WHAT YOU ARE ASKED TO DO = Only the text belongs in the copy. Transcribe the data exactly and drop any pictures.

Images for object localization

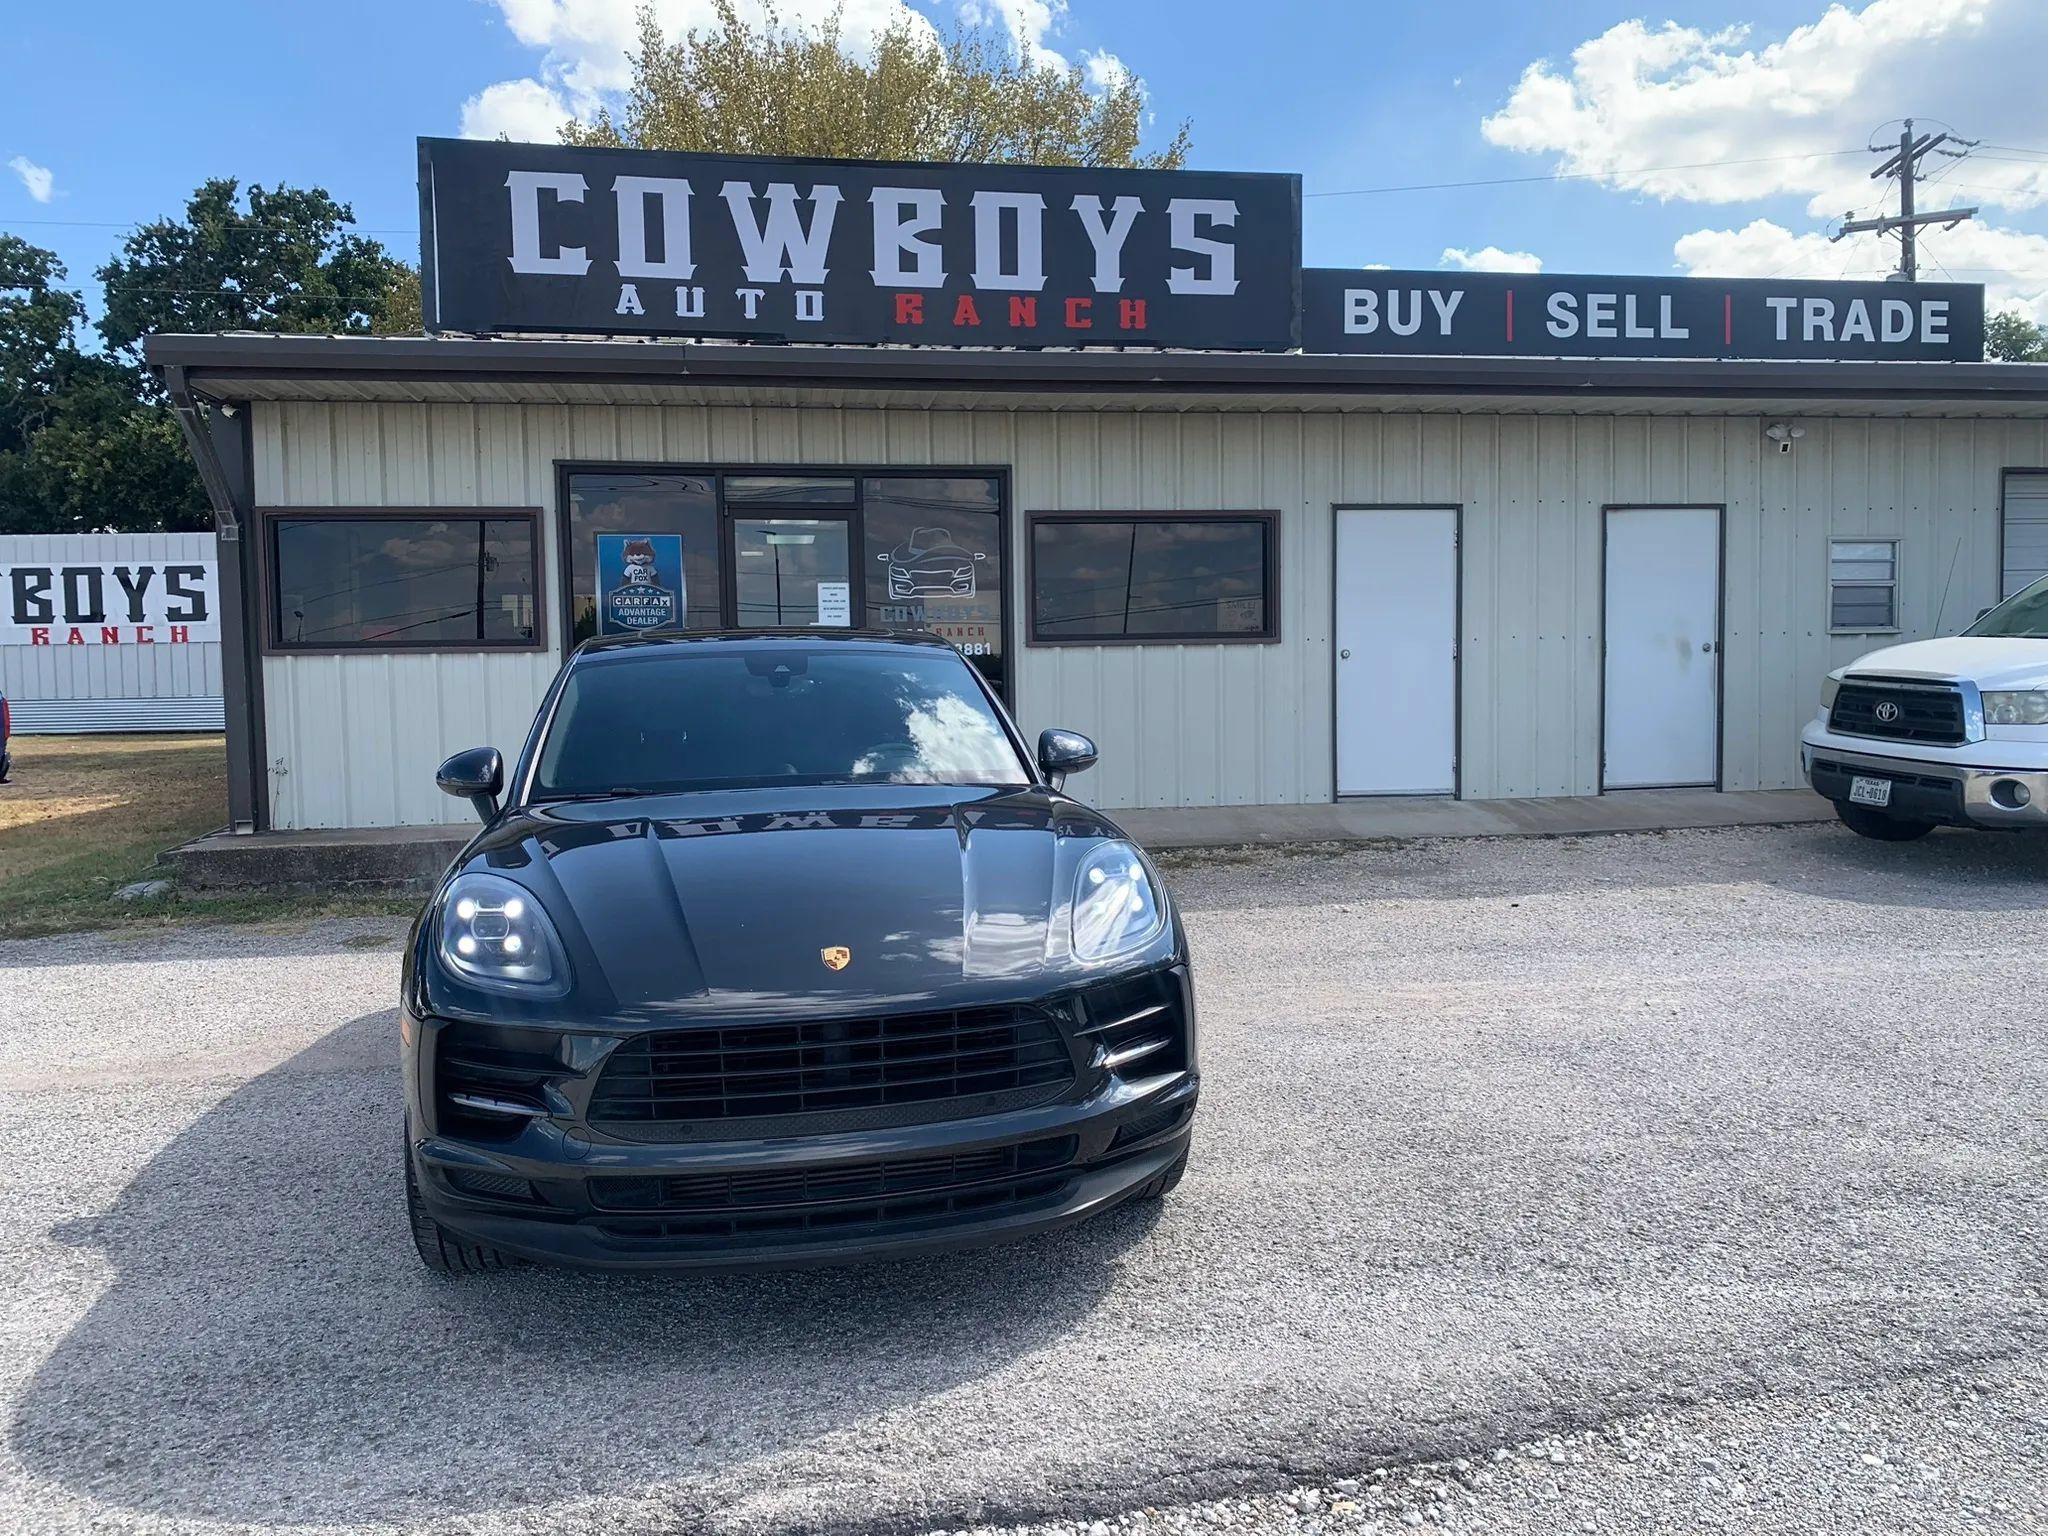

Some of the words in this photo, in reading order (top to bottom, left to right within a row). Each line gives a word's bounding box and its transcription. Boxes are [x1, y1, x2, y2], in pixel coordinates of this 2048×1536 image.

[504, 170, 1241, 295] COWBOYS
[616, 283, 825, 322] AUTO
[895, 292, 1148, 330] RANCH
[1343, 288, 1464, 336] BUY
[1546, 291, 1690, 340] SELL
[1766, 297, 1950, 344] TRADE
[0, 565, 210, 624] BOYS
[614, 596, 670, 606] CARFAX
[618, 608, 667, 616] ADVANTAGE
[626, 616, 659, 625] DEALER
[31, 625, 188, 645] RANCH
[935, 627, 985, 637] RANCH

RESULT OF THIS EXERCISE =
Some of the words in this photo, in reading order (top to bottom, left to right within a row). Each line gives a word's bounding box and its transcription. Boxes are [x1, y1, x2, y2], in pixel coordinates of this 2048×1536 image.

[504, 170, 1241, 295] COWBOYS
[616, 283, 825, 322] AUTO
[895, 292, 1148, 330] RANCH
[1343, 288, 1464, 336] BUY
[1546, 291, 1690, 340] SELL
[1766, 297, 1950, 344] TRADE
[0, 565, 210, 624] BOYS
[614, 596, 670, 606] CARFAX
[618, 608, 667, 616] ADVANTAGE
[626, 616, 659, 625] DEALER
[31, 625, 188, 645] RANCH
[935, 627, 985, 637] RANCH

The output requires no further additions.